## TASK BRIEF
Below are records to repeat exactly; copy them without the pictures.

## GIVEN ENTRIES
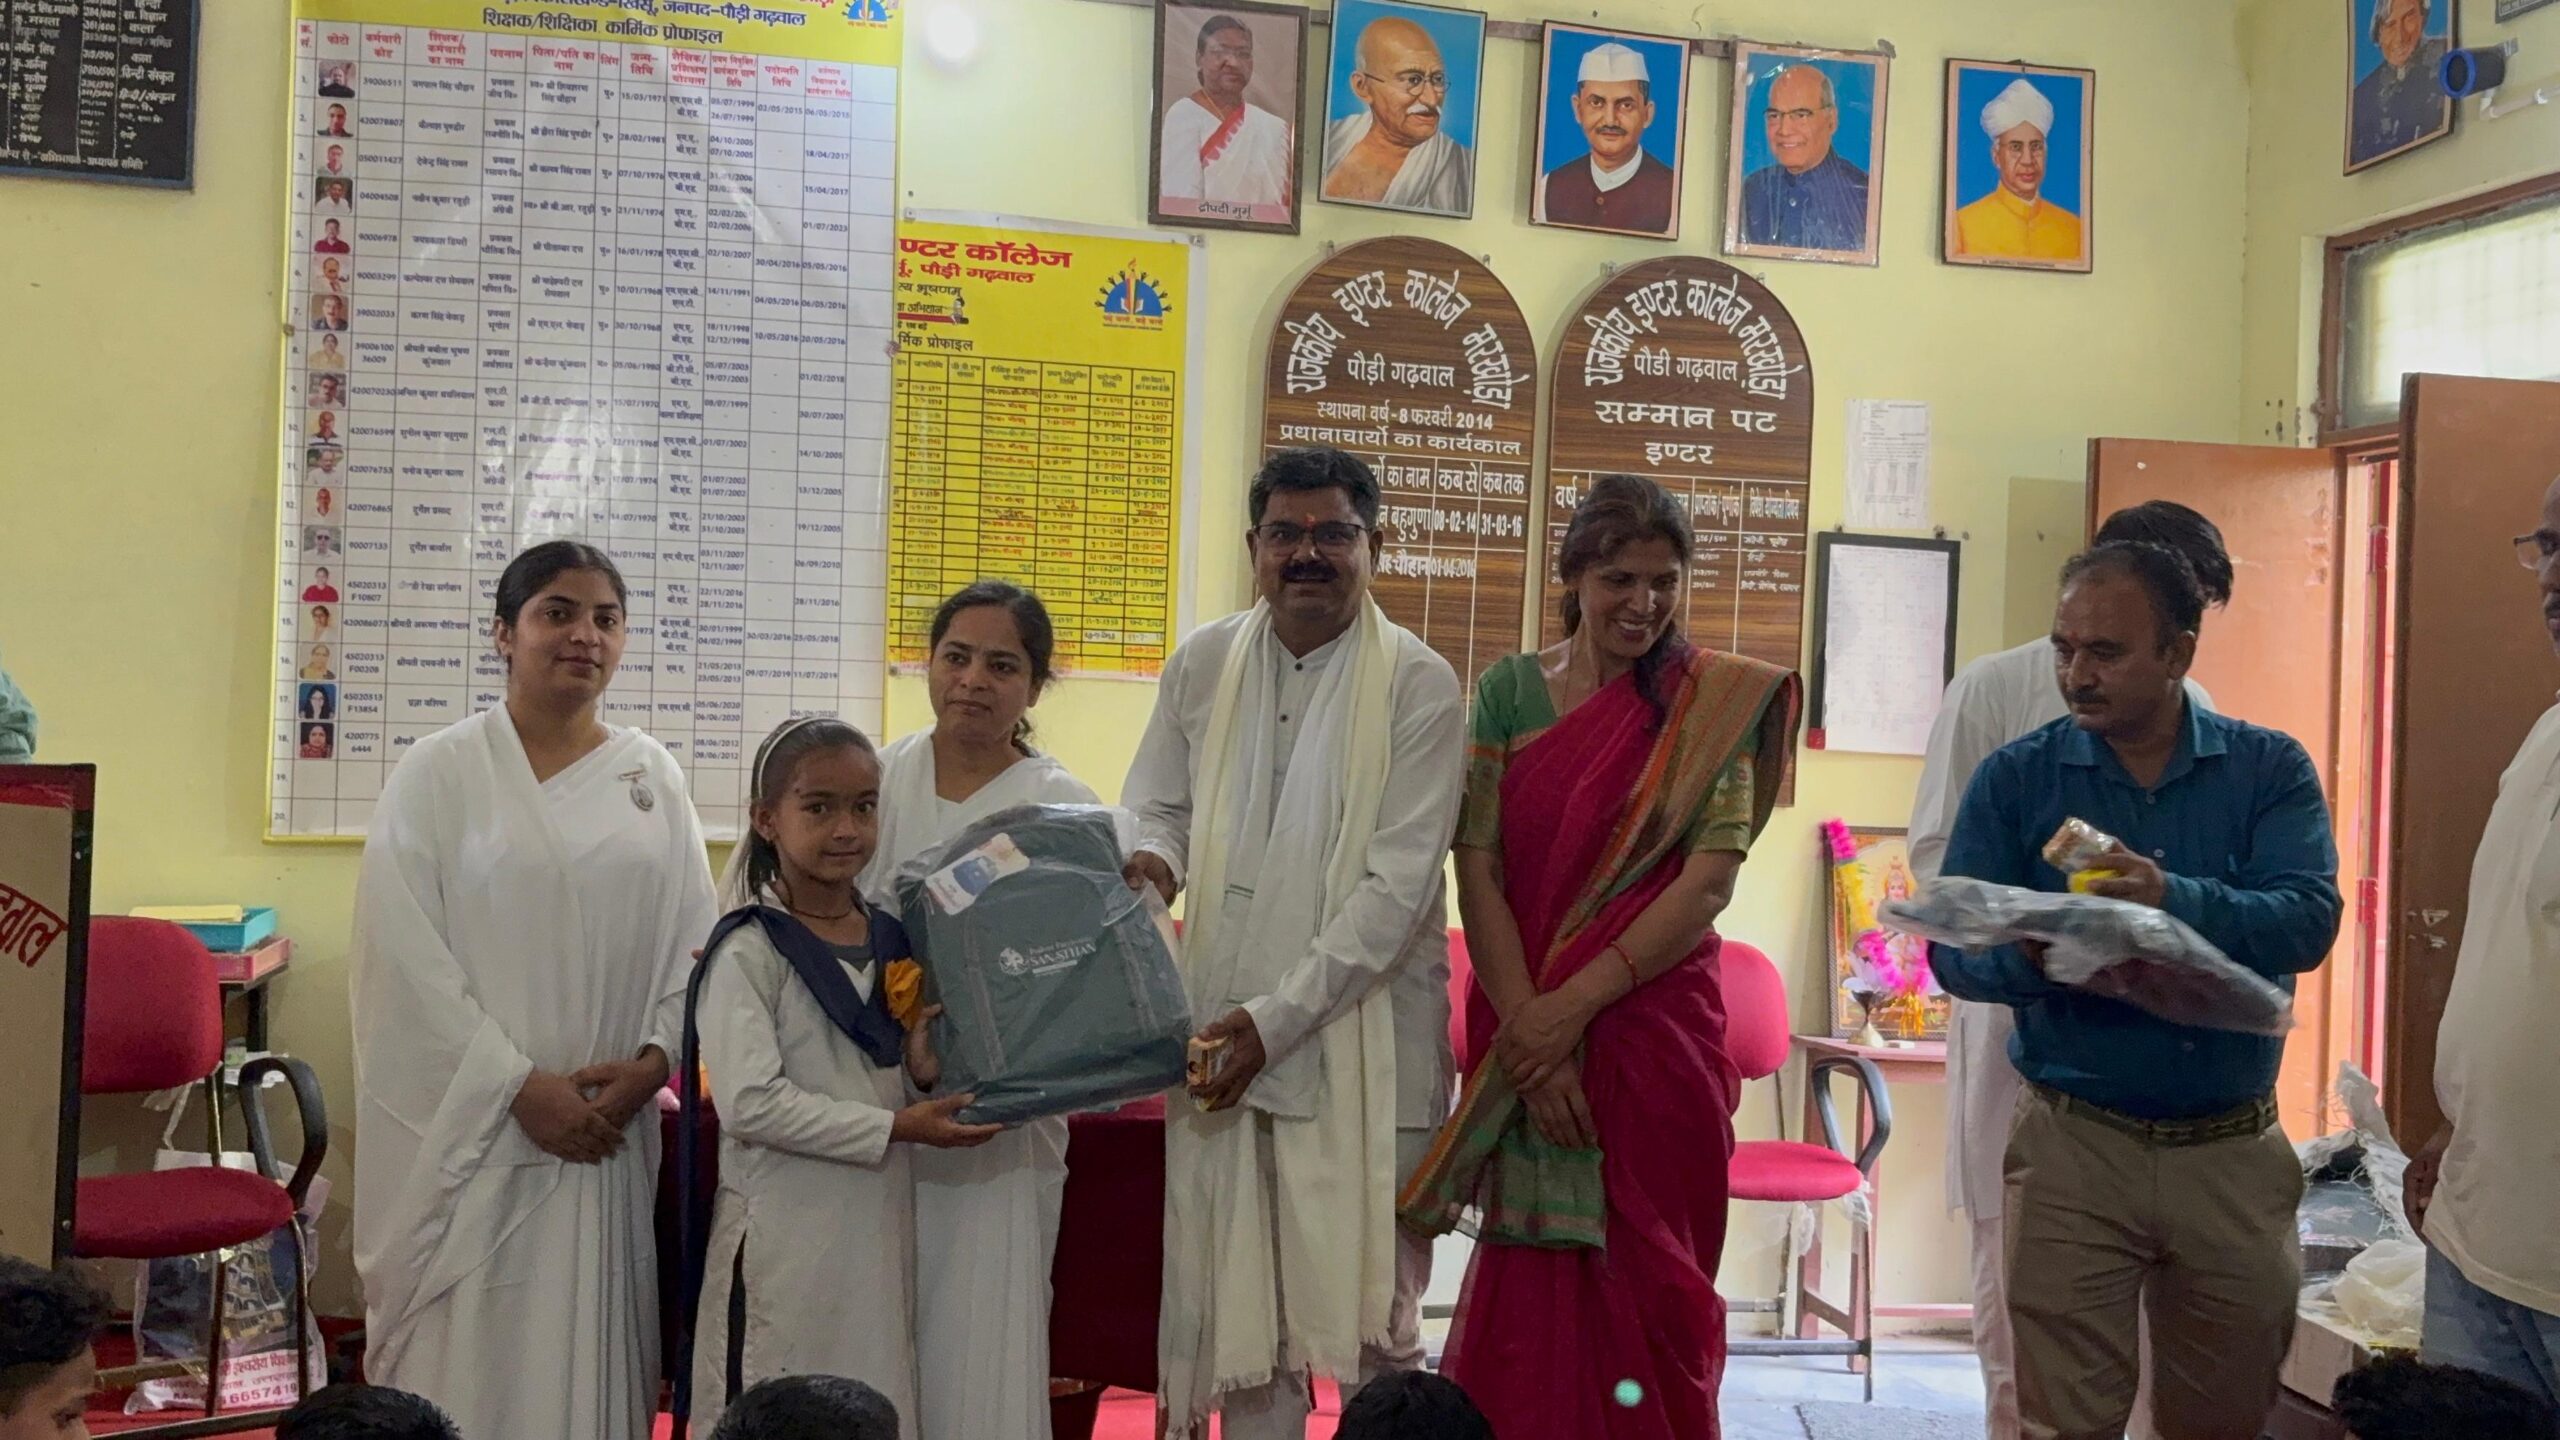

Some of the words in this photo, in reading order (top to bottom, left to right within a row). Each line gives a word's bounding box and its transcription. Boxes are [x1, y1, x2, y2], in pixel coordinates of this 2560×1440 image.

[483, 7, 597, 32] शिक्षक/शिक्षिका
[606, 18, 658, 37] कार्मिक
[663, 23, 722, 44] प्रोफाइल
[754, 9, 806, 27] गढ़वाल
[965, 241, 1072, 268] कॉलेज
[927, 333, 973, 352] प्रोफाइल
[1284, 312, 1346, 394] राजकीय
[1332, 270, 1392, 327] इण्टर
[1403, 269, 1472, 330] कालेज
[1584, 314, 1643, 386] राजकीय
[1625, 280, 1682, 334] इण्टर
[1686, 273, 1753, 334] कालेज
[1347, 350, 1385, 386] पौड़ी
[1391, 362, 1455, 389] गढ़वाल
[1676, 356, 1738, 383] गढ़वाल
[1317, 401, 1366, 422] स्थापना
[1411, 404, 1452, 427] फरवरी
[1456, 412, 1493, 430] 2014
[1595, 400, 1715, 430] सम्मान
[1730, 409, 1777, 432] पट
[1394, 432, 1422, 448] का
[1427, 432, 1521, 455] कार्यकाल
[1645, 442, 1714, 466] इण्टर
[1387, 466, 1404, 488] का
[1406, 467, 1430, 489] नाम
[1438, 469, 1463, 491] कब
[1466, 463, 1478, 492] से
[1483, 471, 1504, 494] कब
[1504, 472, 1524, 495] तक
[1555, 475, 1578, 510] वर्ष
[1391, 507, 1432, 542] बहुगुणा
[1433, 511, 1477, 533] 08-02-14
[1481, 513, 1522, 537] 31-03-16

## ANSWER
Some of the words in this photo, in reading order (top to bottom, left to right within a row). Each line gives a word's bounding box and its transcription. Boxes are [x1, y1, x2, y2], in pixel coordinates of this 2560×1440 image.

[483, 7, 597, 32] शिक्षक/शिक्षिका
[606, 18, 658, 37] कार्मिक
[663, 23, 722, 44] प्रोफाइल
[754, 9, 806, 27] गढ़वाल
[965, 241, 1072, 268] कॉलेज
[927, 333, 973, 352] प्रोफाइल
[1284, 312, 1346, 394] राजकीय
[1332, 270, 1392, 327] इण्टर
[1403, 269, 1472, 330] कालेज
[1584, 314, 1643, 386] राजकीय
[1625, 280, 1682, 334] इण्टर
[1686, 273, 1753, 334] कालेज
[1347, 350, 1385, 386] पौड़ी
[1391, 362, 1455, 389] गढ़वाल
[1676, 356, 1738, 383] गढ़वाल
[1317, 401, 1366, 422] स्थापना
[1411, 404, 1452, 427] फरवरी
[1456, 412, 1493, 430] 2014
[1595, 400, 1715, 430] सम्मान
[1730, 409, 1777, 432] पट
[1394, 432, 1422, 448] का
[1427, 432, 1521, 455] कार्यकाल
[1645, 442, 1714, 466] इण्टर
[1387, 466, 1404, 488] का
[1406, 467, 1430, 489] नाम
[1438, 469, 1463, 491] कब
[1466, 463, 1478, 492] से
[1483, 471, 1504, 494] कब
[1504, 472, 1524, 495] तक
[1555, 475, 1578, 510] वर्ष
[1391, 507, 1432, 542] बहुगुणा
[1433, 511, 1477, 533] 08-02-14
[1481, 513, 1522, 537] 31-03-16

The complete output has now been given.